La valorisation des PME non cotées résiste contre toute attente
Malgré l’accumulation de mauvaises nouvelles macroéconomiques, les valorisations des PME non cotées européennes résistent bien mieux que prévu. Dévoilé mercredi, l’Argos Index, qui recense les transactions en Europe sur les entreprises d’une valeur de 15 à 500 millions d’euros, est resté stable pour les opérations de M&A annoncées entre juillet et septembre par rapport au deuxième trimestre 2022, faisant ressortir un multiple (valeur d’entreprise/Ebitda) de 10 fois.

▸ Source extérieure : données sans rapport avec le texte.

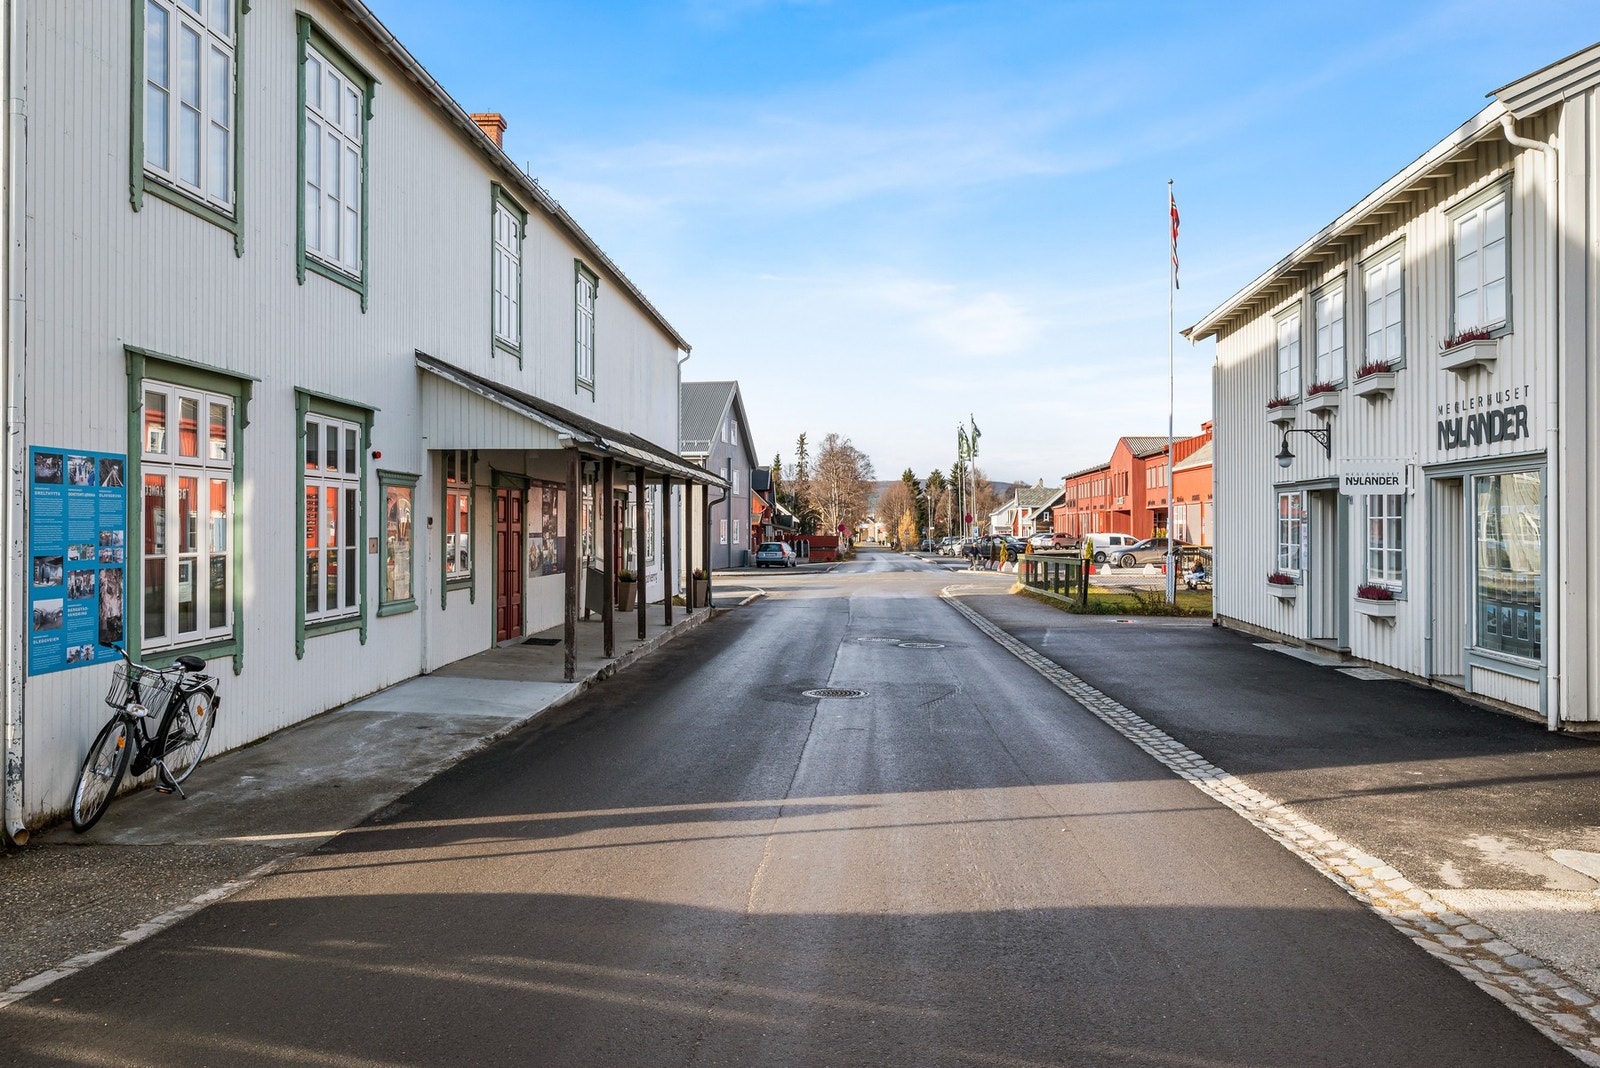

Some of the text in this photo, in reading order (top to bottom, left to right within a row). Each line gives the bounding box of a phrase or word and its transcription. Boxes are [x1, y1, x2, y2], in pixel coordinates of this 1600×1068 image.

[1438, 385, 1530, 416] MEGLERHUSET
[1437, 404, 1530, 451] NYLANDER
[1345, 476, 1399, 486] NYLANDER
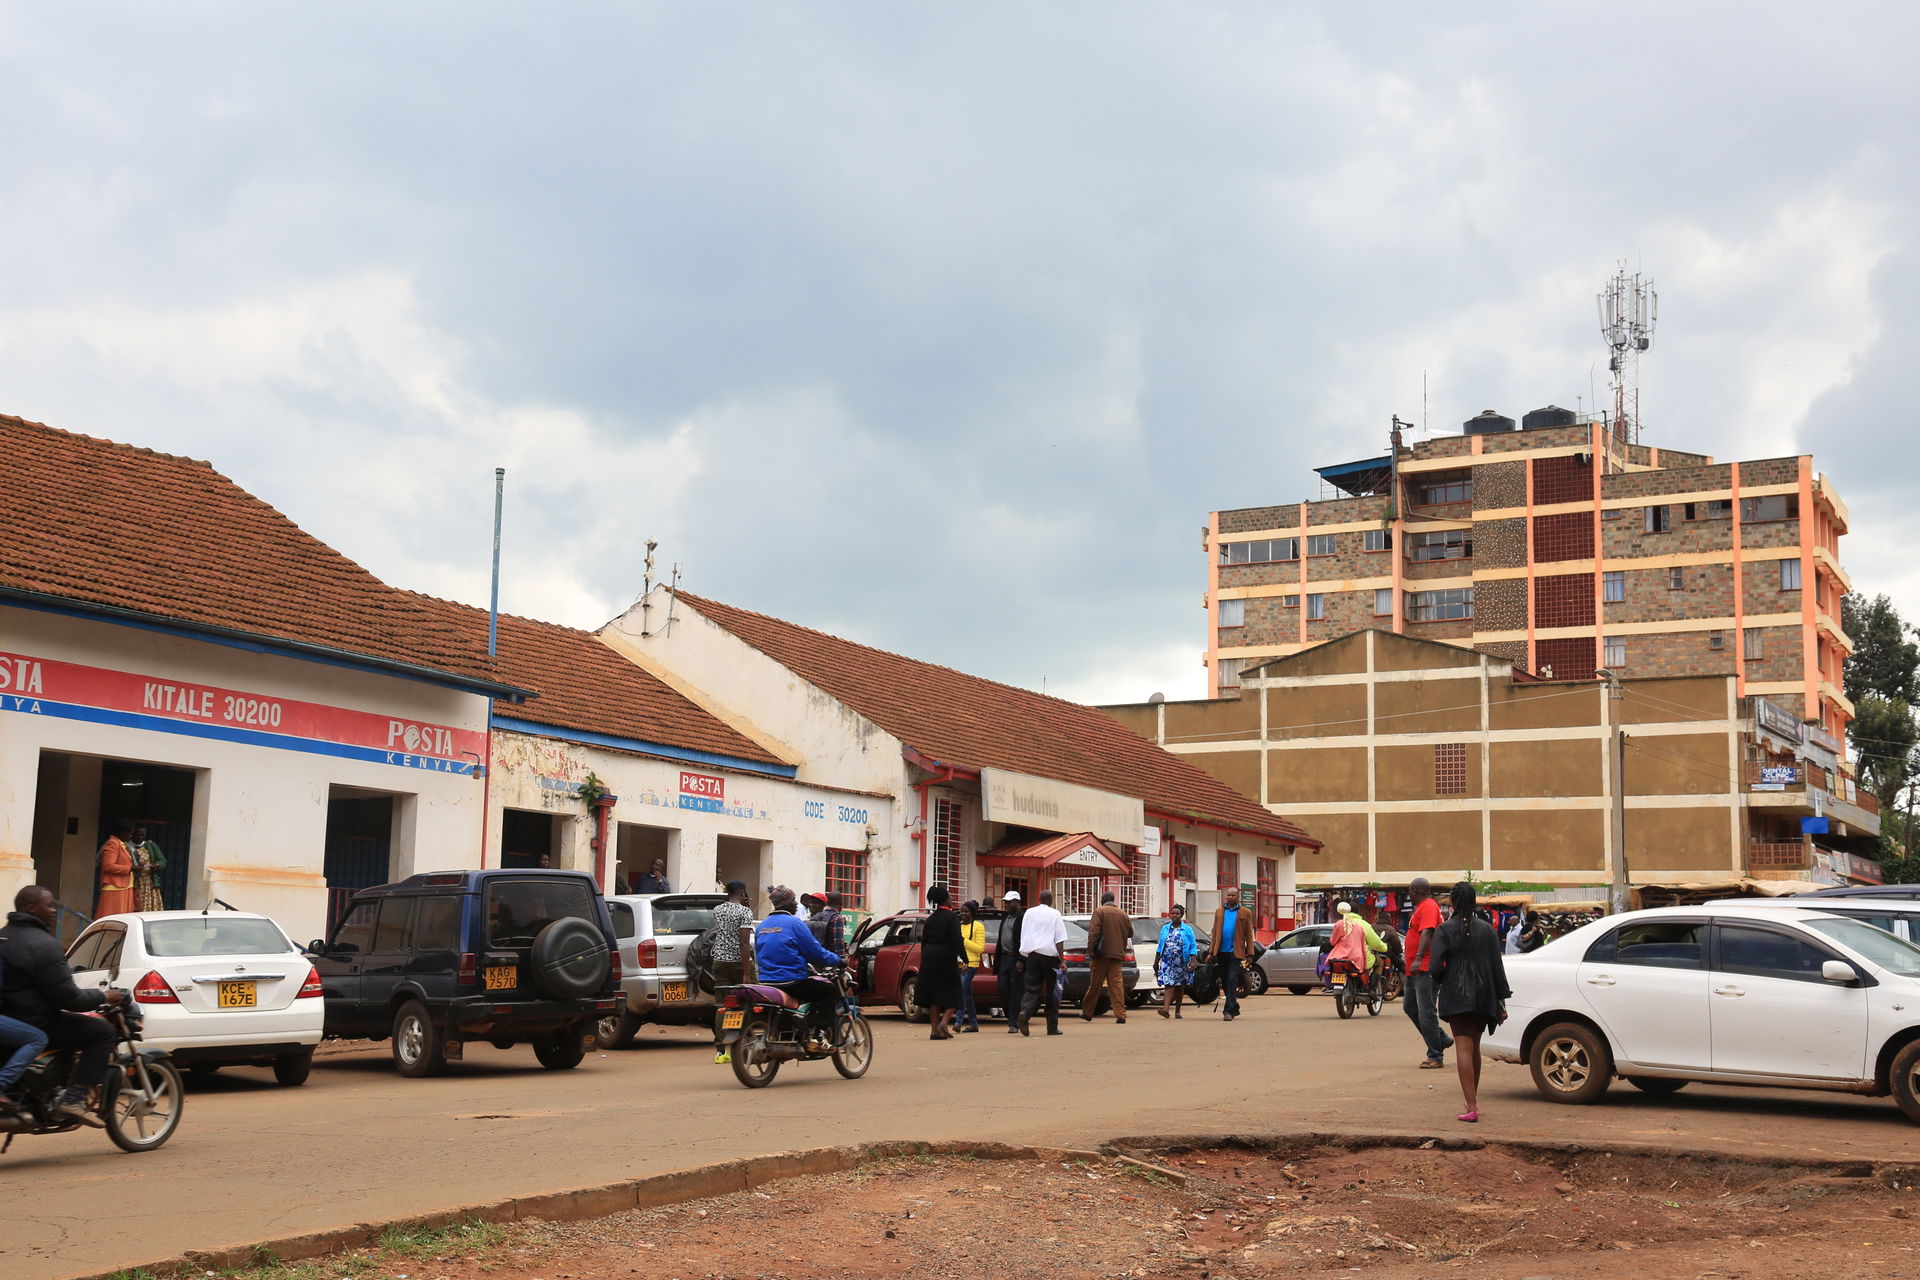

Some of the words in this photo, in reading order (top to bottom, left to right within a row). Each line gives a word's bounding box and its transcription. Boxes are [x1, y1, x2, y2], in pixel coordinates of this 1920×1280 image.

Cette stabilité est constatée dans les valorisations offertes à la fois par les acquéreurs stratégiques (9,9 fois) et les fonds d’investissement (10,7 fois). « Il peut y avoir un effet retard du durcissement des conditions bancaires que l’on observe depuis septembre-octobre sur le midmarket, prévient Louis Godron, président d’Argos Wityu qui publie ce baromètre avec Epsilon Research. La hausse des taux longs et, en conséquence, la baisse de la valeur des portefeuilles obligataires, ont un impact sur le bilan des banques qui font plus attention. » Si le maintien de ce niveau de valorisation peut s’expliquer par l’abondance de liquidités à déployer par les fonds de LBO (leveraged buyout) et l’appétit des fonds de dette, la baisse attendue des valorisations pourrait néanmoins intervenir au quatrième trimestre dans l’indice Argos.
Ralentissement
Les volumes d’opérations ont en revanche enregistré une baisse de 11% sur la période. Mais le midmarket européen voit son activité résister bien mieux que le marché global du M&A dont le repli est compris entre 30% et 50% selon les zones géographiques depuis le début de l’année, pénalisé par l’effondrement des grandes transactions. Pour autant, le rebond sur le midmarket n’est pas attendu à court terme. « Nous percevons un ralentissement des process M&A car les process bancaires ont eux-mêmes ralenti. Donc le recul des volumes devrait continuer au quatrième trimestre », anticipe Louis Godron.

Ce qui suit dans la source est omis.